As data engineers evolve, their role will shift from merely managing data pipelines to becoming strategic partners who harness AI-driven insights to foster business innovation.

By embracing generative AI (GenAI), your team can unlock new opportunities, enhance efficiency, and maximize the value derived from data. The future of data engineering is rooted in the seamless integration of AI technologies, and those who adapt will be at the forefront of this exciting new era.

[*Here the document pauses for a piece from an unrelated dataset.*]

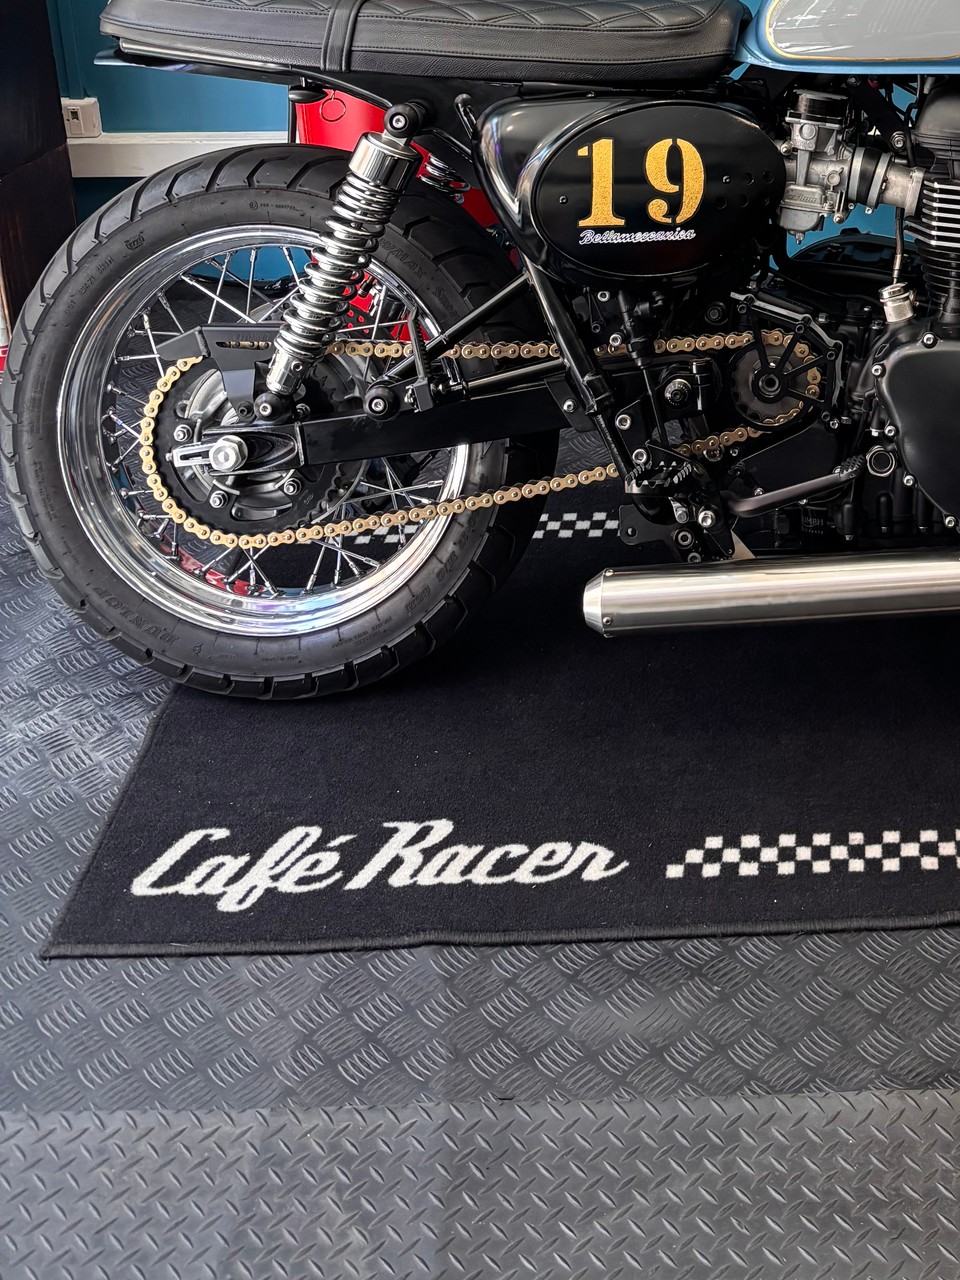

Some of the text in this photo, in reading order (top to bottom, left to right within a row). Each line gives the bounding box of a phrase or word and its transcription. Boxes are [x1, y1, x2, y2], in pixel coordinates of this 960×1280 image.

[577, 137, 705, 227] 19
[130, 818, 629, 913] Café Racer
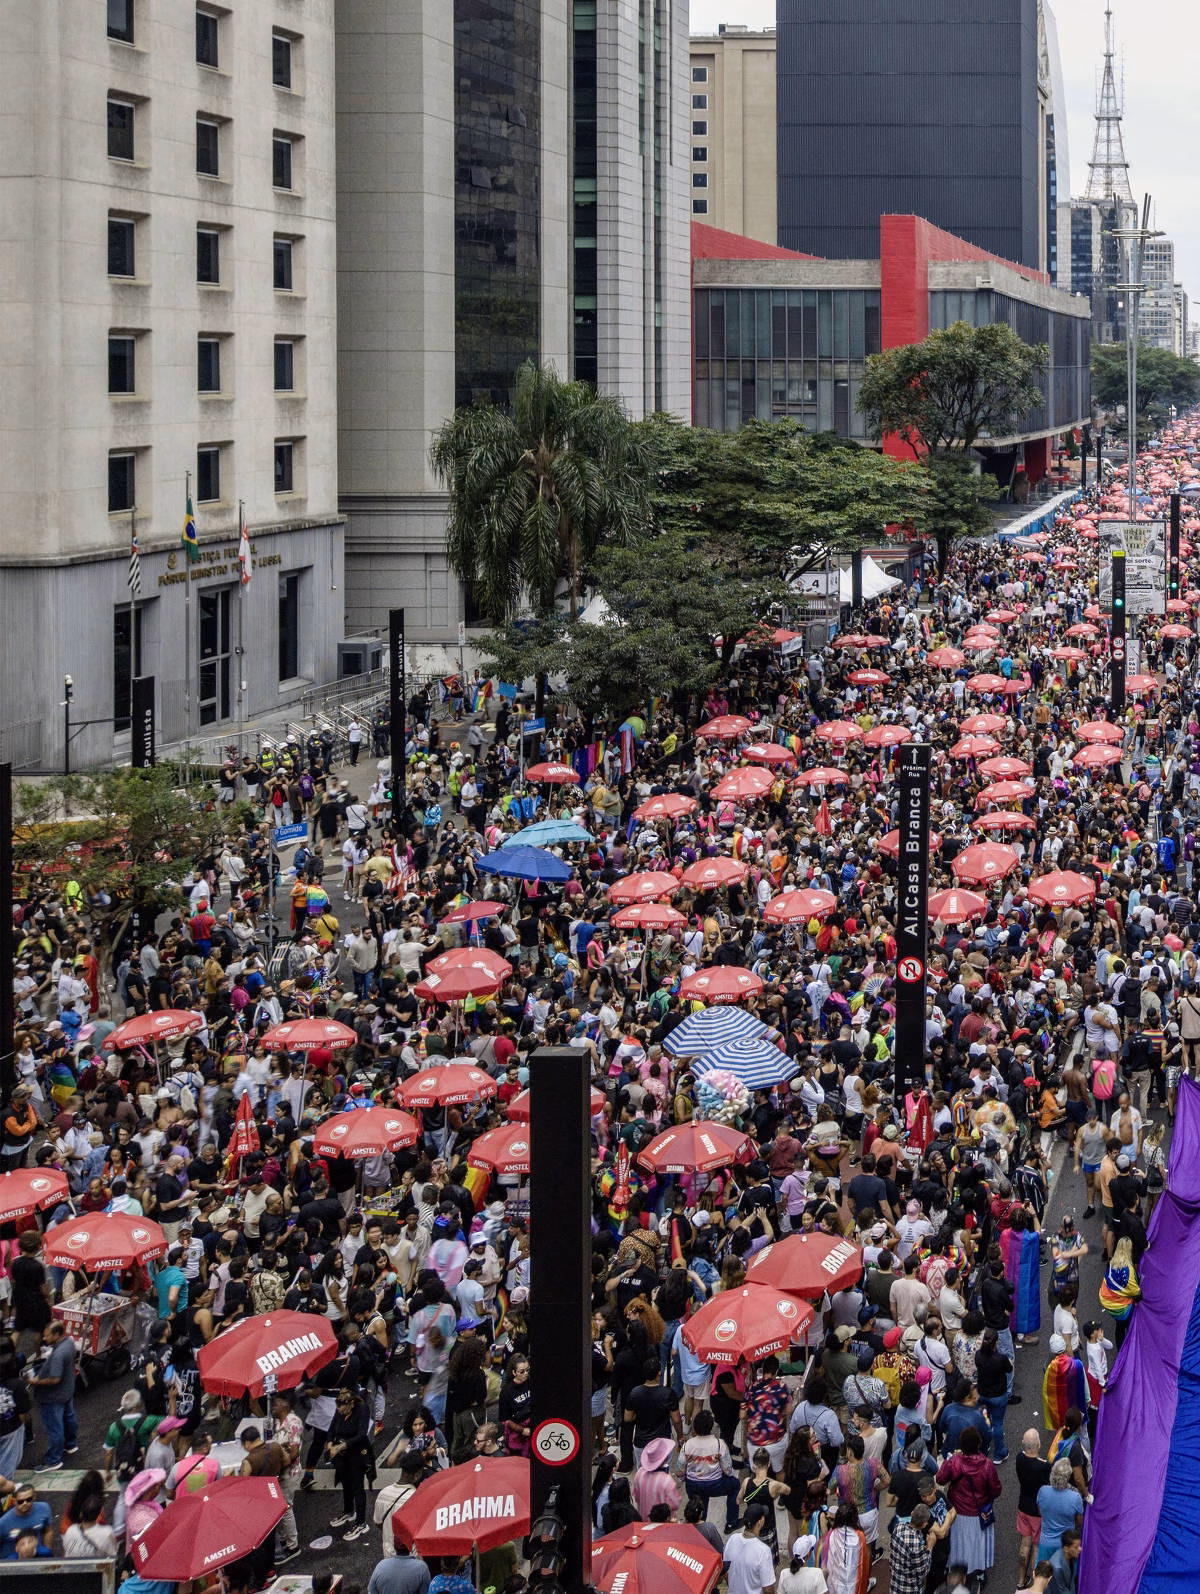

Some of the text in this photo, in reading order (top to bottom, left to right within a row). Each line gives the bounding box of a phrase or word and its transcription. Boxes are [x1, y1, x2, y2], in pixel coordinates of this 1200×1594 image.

At Rivery, we are fully committed to this transformation by incorporating generative AI into our workflows and, most importantly, our product. We’ve reimagined the next generation of data pipelines to be AI-powered. With our CoPilot, you can easily connect to any data source that has a REST API endpoint. This means that even if we don’t offer a native connector for a specific source, we can still help you access all your data effortlessly, regardless of your level of data engineering expertise. While Rivery is the first data integration platform with such capability, we are not stopping there and have grand plans to continue incorporating AI to help our users do more with their data.